We are interested in chromatin remodelling factors in human disease and in particular the function of one, ATRX. Germline mutations in ATRX lead to an X-linked syndrome associated with severe intellectual disability and alpha thalassaemia, ATR-X syndrome; somatic mutations are observed in 5-10% of cancers.
One of the major challenges in the post-genomic era is to understand the factors that regulate and facilitate gene expression. It has become apparent that the regulation of chromatin structure is of paramount importance in not only gene expression but a wide variety of fundamental nuclear processes including DNA replication, repair and recombination. The ATP-dependent chromatin remodelling factor ATRX (α thalassaemia/mental retardation X-linked) has emerged as a key player in each of these processes. The principal aim of the group is to characterise the ATRX protein which, when mutated, gives rise to a severe X-linked form of syndromal intellectual disability, one feature of which is alpha thalassaemia. More recently, we have shown that somatic mutations in this gene give rise to an acquired form of alpha thalassaemia associated with myelodysplasia.
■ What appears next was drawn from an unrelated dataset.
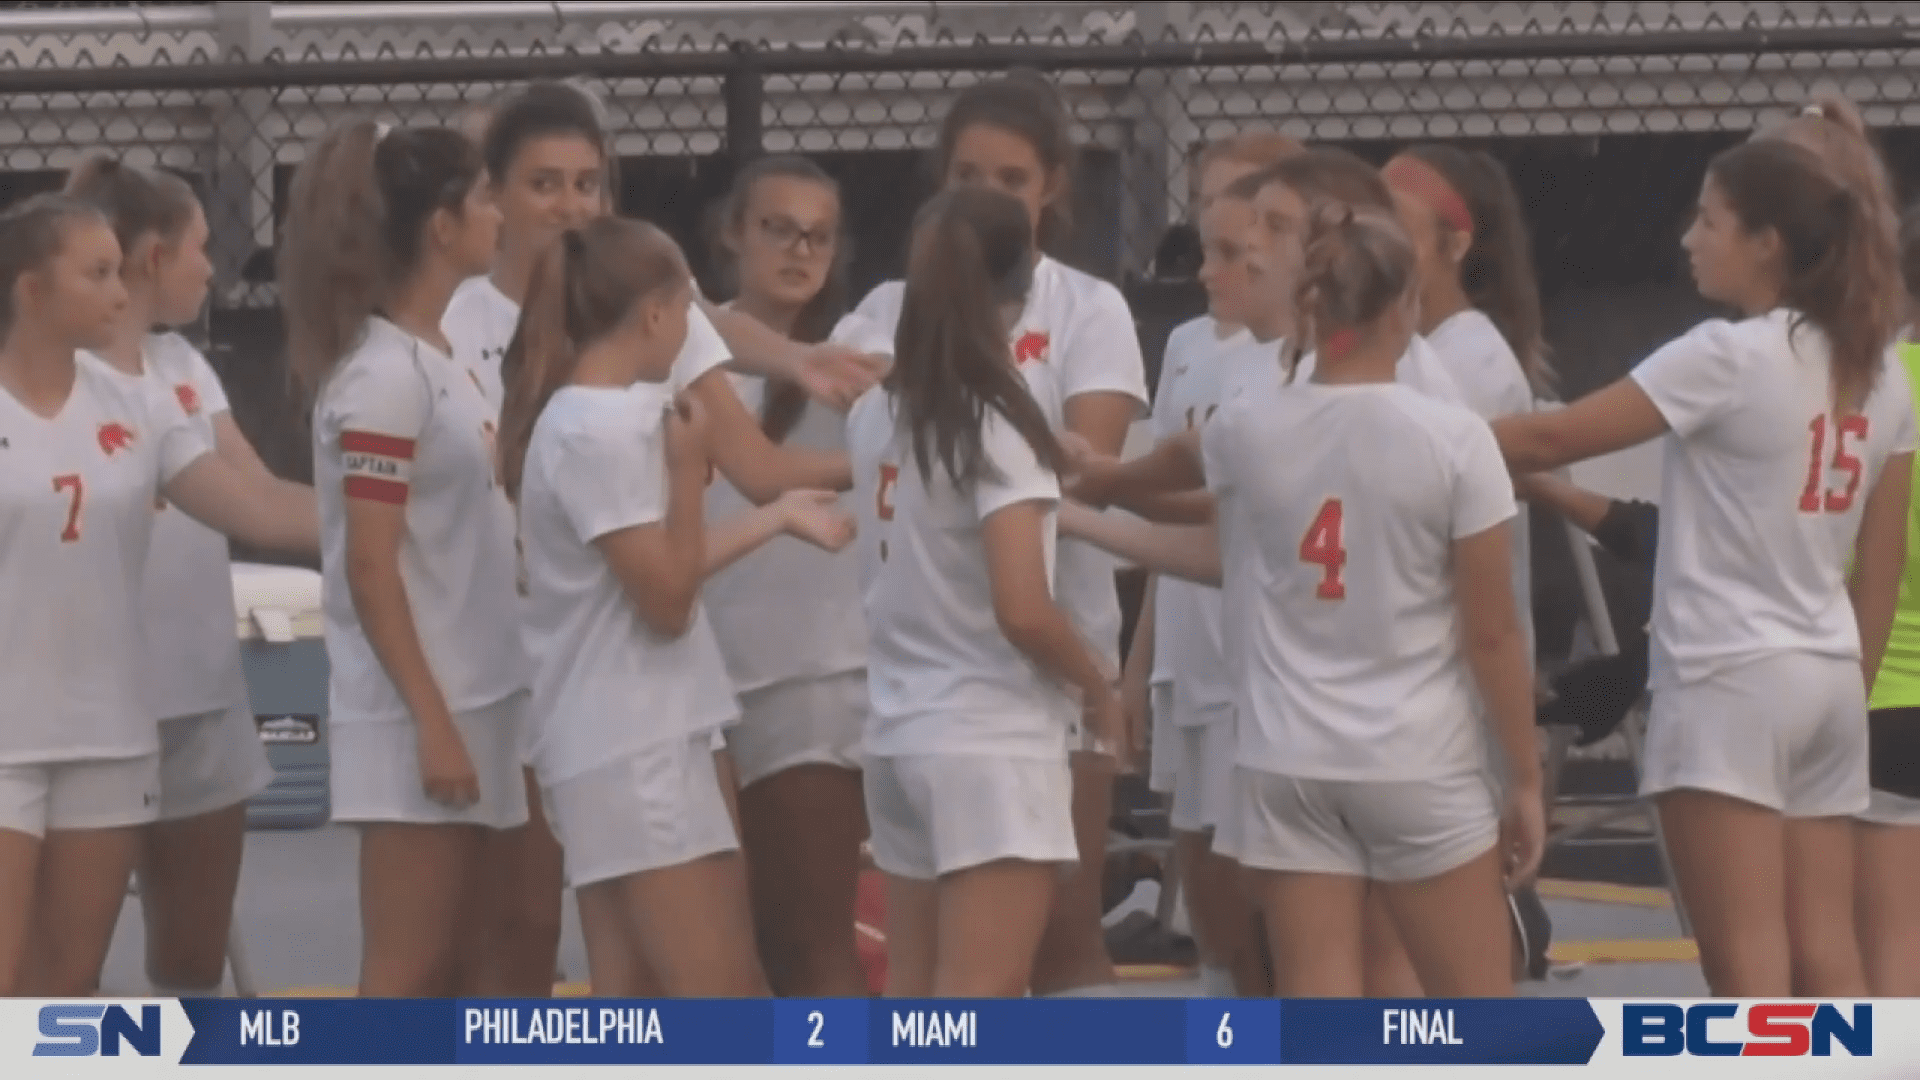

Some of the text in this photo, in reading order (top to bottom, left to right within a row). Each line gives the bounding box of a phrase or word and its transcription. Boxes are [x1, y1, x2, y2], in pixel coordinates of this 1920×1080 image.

[53, 475, 83, 542] 7
[1799, 413, 1869, 513] 15
[1300, 498, 1346, 600] 4
ATRX mutations are also almost invariantly found in a group of cancers that maintain their telomeres by a telomerase-independent mechanism called the Alternative Lengthening of Telomere (ALT) pathway. Work from our lab and others suggest that ATRX plays a variety of key roles at tandem repeat sequences within the genome, including deposition of a histone variant, the maintenance of chromatin marks, prevention of replication fork stalling, and the suppression of the homologous recombination-based ALT pathway of telomere maintenance. The purpose of our work is to determine the role of this protein in the nucleus and how mutations give rise to seemingly disparate disorders.
Collaborations
David Clynes, Children with Cancer UK
Paul O’Gorman, Research Fellow, Weatherall Institute of Molecular Medicine
funding
Clinical studies and trials
We run a clinical and molecular diagnostic service through which we have collected over 200 affected families. We identify the underlying mutations and through gene expression analysis, methylation studies, enzyme assays and protein structure studies we are defining their functional consequences.